Last time we discussed the technical details of the BTSC system and some of the pitfalls that broadcasters need to be aware of when passing audio through the system. This time we will get into the technical details of the ATSC audio system, also known as AC-3.

First things first: AC-3 is short-hand for Audio Coder 3, and it is so named because it comes right after AC-1 and AC-2, two other audio coding systems developed by Dolby.

AC-3 - or Dolby Digital as it is commonly known - is a perceptual audio bit rate reduction system capable of efficiently carrying one (mono) to 5.1 channels of audio. The 5.1 channels are comprised of Left, Right, Center, Low Frequency Effects (LFE), Left Surround, and Right Surround; and the LFE channel (used to feed a subwoofer), is the so-called ".1", carrying frequencies only up to 120Hz, or very roughly about one-tenth the bandwidth of the other five channels.

Without bit-rate reduction, these channels would require almost 6 Mbps (6 channels x 48,000 x 20 bits) or almost one third of the total 19.39 Mbps data rate for the ATSC system.
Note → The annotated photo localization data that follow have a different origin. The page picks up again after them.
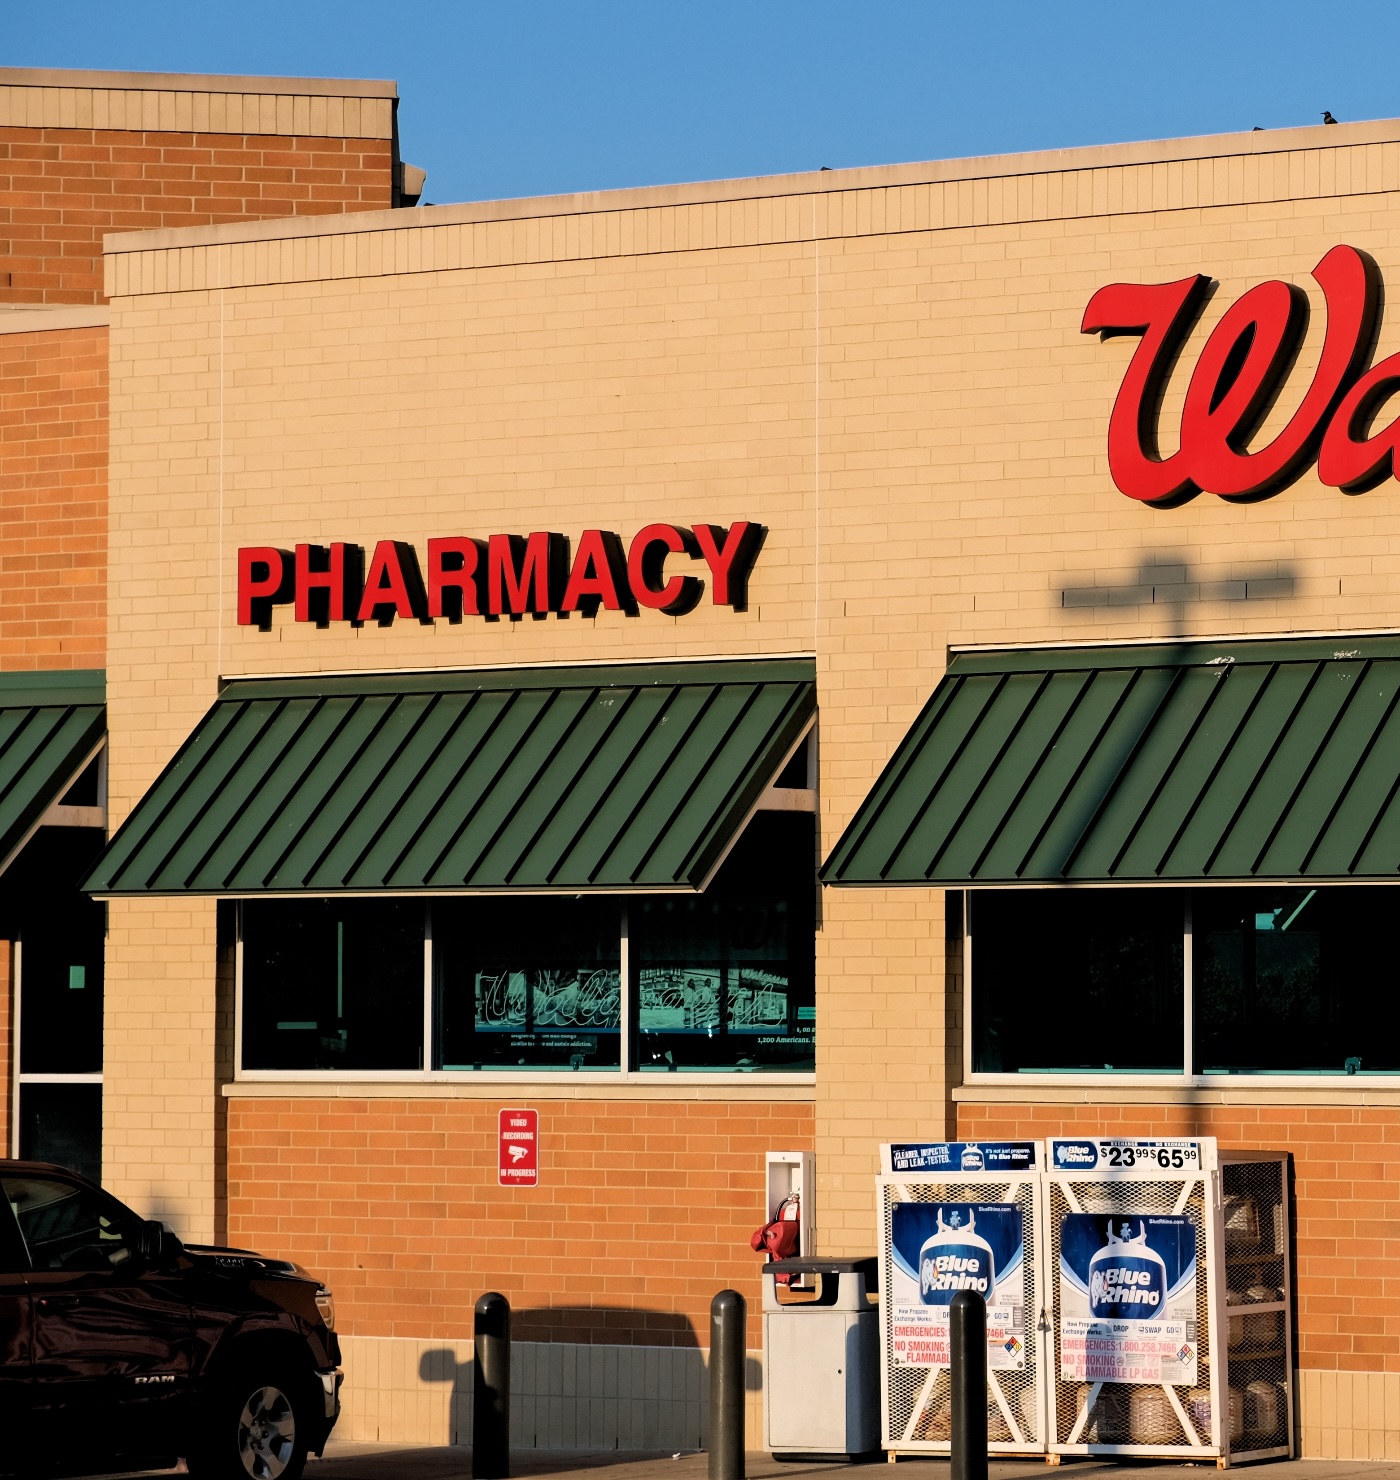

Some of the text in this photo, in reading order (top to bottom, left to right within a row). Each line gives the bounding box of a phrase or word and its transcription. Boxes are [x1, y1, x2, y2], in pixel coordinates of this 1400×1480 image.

[237, 521, 762, 630] PHARMACY
[510, 1118, 527, 1127] VIDEO
[503, 1132, 534, 1140] RECORDING
[1068, 1145, 1089, 1154] Blue
[1067, 1154, 1095, 1163] Rhino
[501, 1168, 536, 1177] IN PROGRESS
[936, 1255, 980, 1272] Blue
[931, 1272, 988, 1292] Rhino
[1106, 1267, 1151, 1285] Blue
[1101, 1285, 1160, 1306] Rhino
[1078, 1321, 1099, 1329] Propane
[1113, 1324, 1129, 1332] DROP
[894, 1326, 948, 1338] EMERGENCIES:
[1062, 1328, 1086, 1336] Exchange
[894, 1340, 945, 1352] NO SMOKING
[906, 1352, 951, 1364] FLAMMABL
[1062, 1354, 1075, 1365] NO
[1077, 1354, 1116, 1366] SMOKING
[1075, 1366, 1159, 1379] FLAMMABLE LP GAS
[134, 1375, 176, 1385] RAM
By relying heavily on psychoacoustic principles, the Dolby Digital (AC-3) perceptual coder is able to approximately achieve a 12:1 "compression ratio" and encodes the 5.1 channels into a 384 Kbps data stream as required by the ATSC. Recently the ATSC updated the standard to allow 448 Kbps, thereby matching the data rate typically used for Dolby Digital soundtracks on DVD. For more technical details on how this system performs its magic, I again refer you to www.dolby.com/tech/ for a paper titled "AC-3: Flexible Perceptual Coding for Audio Transmission and Storage."
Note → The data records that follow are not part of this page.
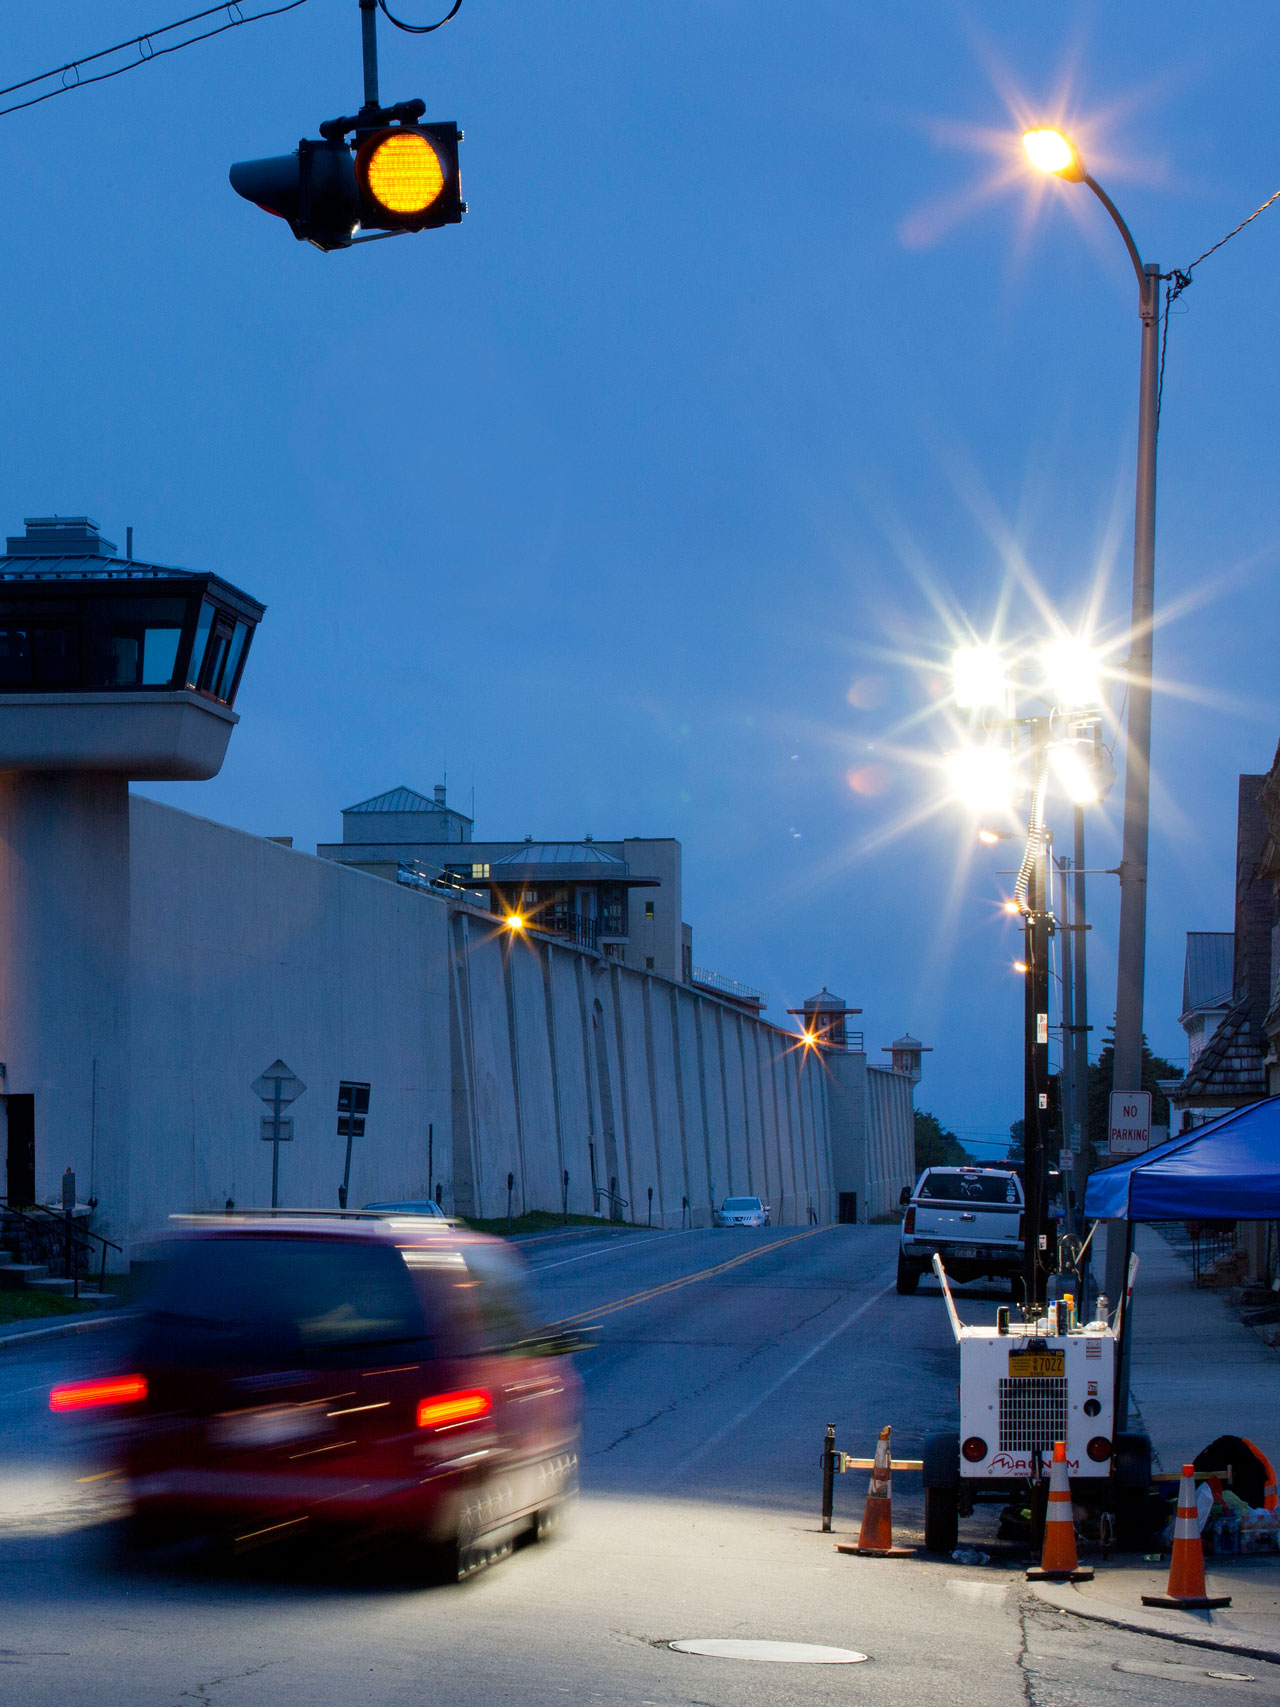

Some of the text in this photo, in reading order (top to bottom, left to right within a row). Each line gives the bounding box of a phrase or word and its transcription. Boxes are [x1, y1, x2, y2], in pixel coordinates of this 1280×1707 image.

[1123, 1105, 1138, 1118] NO
[1111, 1128, 1148, 1141] PARKING
[1039, 1357, 1063, 1372] 7022
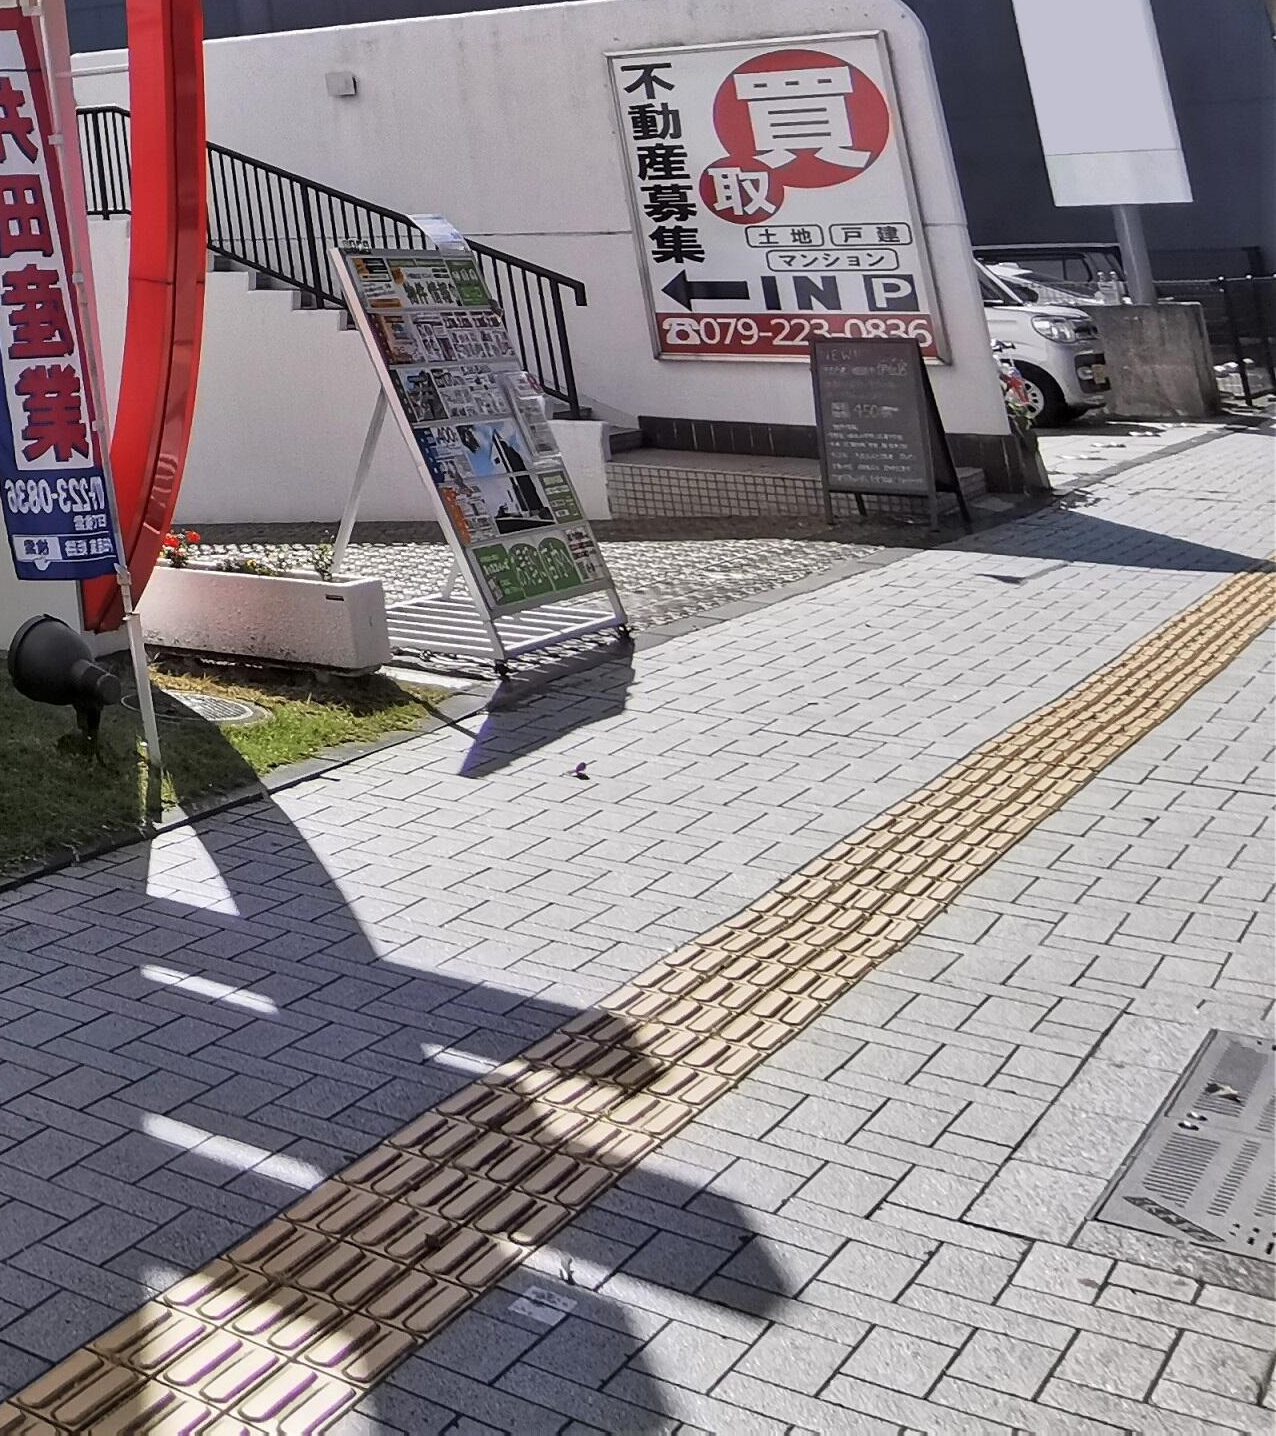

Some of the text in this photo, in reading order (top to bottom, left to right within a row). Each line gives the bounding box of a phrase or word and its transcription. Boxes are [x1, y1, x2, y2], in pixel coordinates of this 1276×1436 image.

[620, 62, 705, 264] 不動産募集
[758, 226, 900, 245] 土地 戸建
[778, 253, 886, 268] マンション
[760, 275, 842, 311] IN
It should be apparent that whether a television station is sending a mono program, a stereo program, or a 5.1 channel program that the audio is Dolby Digital (AC-3) encoded. You might be wondering what happens when a station sends a program with a certain number of audio channels to an audience that has many different receivers with differing numbers of speakers. For example, what happens when a 5.1 channel program is received by that small TV set with a mono speaker?

DOWNMIXING DETAILS

Last time I said that Dolby Digital (AC-3) provides compatibility for television receivers that have fewer speakers than the number of audio channels being delivered and it does it without matrixing. I should further clarify this by explaining that, unlike the BTSC system, which carries the L-R information as a subcarrier that is ignored by mono receivers, the AC-3 system downmixes all of the audio channels to mono inside the mono receiver. Well, all channels are combined except for the LFE channel, which is simply discarded as it is meant to feed a subwoofer. Similarly, a stereo receiver gets all 5.1 channels, but they are downmixed to stereo, again minus the LFE channel.

Figure 1 shows how this allows a single mix of a program to be reproduced by any receiver regardless of how many speakers or channels it has.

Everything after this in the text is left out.